Livia, quant à elle, est pensée pour les enfants. Adaptée au milieu scolaire, elle simplifie l’apprentissage et s’adapte à chaque niveau. « L’idée, c’est de fournir un outil moderne, ludique et pédagogique pour les plus jeunes, tout en leur transmettant la langue dans sa richesse », explique-t-il. Enfin, LIV Quest vise le secteur du tourisme, en proposant un accompagnement en corse aux visiteurs.

Derrière cette innovation, une philosophie : l’IA ne doit pas être privatisée. « Nous voulons que cette technologie reste entre les mains des Corses. Elle ne doit pas appartenir à une entreprise mais à la communauté. C’est pourquoi nous plaidons pour une gestion par la Collectivité de Corse, encadrée par une Squadra Lingua », insiste Romain Deceuninck.
Ce collectif de locuteurs et d’experts aurait pour mission de superviser le bon usage de l’IA, de corriger ses erreurs et de veiller à son évolution. Car les dangers sont réels : « Les grandes IA du marché, comme ChatGPT, se nourrissent d’énormes volumes de données en ligne. Elles apprennent ce qui est majoritaire, et donc privilégient les langues dominantes. Les langues minoritaires, comme le corse, sont mal traitées. C’est ce qu’on appelle le colonialisme numérique. »

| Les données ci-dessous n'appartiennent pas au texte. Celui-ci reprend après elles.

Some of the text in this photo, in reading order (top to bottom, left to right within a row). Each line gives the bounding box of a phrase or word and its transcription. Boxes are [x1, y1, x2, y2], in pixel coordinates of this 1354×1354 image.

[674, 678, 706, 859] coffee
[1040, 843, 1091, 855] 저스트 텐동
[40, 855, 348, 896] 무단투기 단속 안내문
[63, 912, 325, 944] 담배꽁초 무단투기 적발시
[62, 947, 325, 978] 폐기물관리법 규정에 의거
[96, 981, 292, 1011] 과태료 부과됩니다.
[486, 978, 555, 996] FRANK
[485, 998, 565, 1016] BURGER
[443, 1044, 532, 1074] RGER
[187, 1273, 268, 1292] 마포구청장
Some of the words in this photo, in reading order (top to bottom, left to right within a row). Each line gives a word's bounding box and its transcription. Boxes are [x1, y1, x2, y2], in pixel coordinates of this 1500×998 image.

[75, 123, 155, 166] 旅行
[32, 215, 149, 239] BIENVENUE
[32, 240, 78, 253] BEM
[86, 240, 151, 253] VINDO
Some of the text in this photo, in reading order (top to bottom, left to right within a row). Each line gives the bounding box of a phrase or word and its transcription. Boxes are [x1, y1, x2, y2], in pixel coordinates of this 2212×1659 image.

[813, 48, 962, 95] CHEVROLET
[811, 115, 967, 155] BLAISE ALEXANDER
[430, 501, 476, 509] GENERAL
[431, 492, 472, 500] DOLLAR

Le corse, entre transmission et avenir numérique
Pour le développeur calvais, une IA linguistique est avant tout… une affaire de mathématiques. « C’est un système statistique, un modèle prévisionnel. Comme un enfant qui apprend en écoutant. À force de pratique, elle devient plus compétente. Mais cela demande une vigilance constante. » Pour cette raison, le projet repose aussi sur les locuteurs eux-mêmes : « Ce sont eux qui font vivre l’IA. C’est un bien commun. » La portée du projet dépasse les frontières insulaires. LIV démontre que des territoires comme la Corse peuvent produire des technologies adaptées à leurs besoins, loin des modèles standardisés. Et que le numérique peut être une chance pour les langues en danger.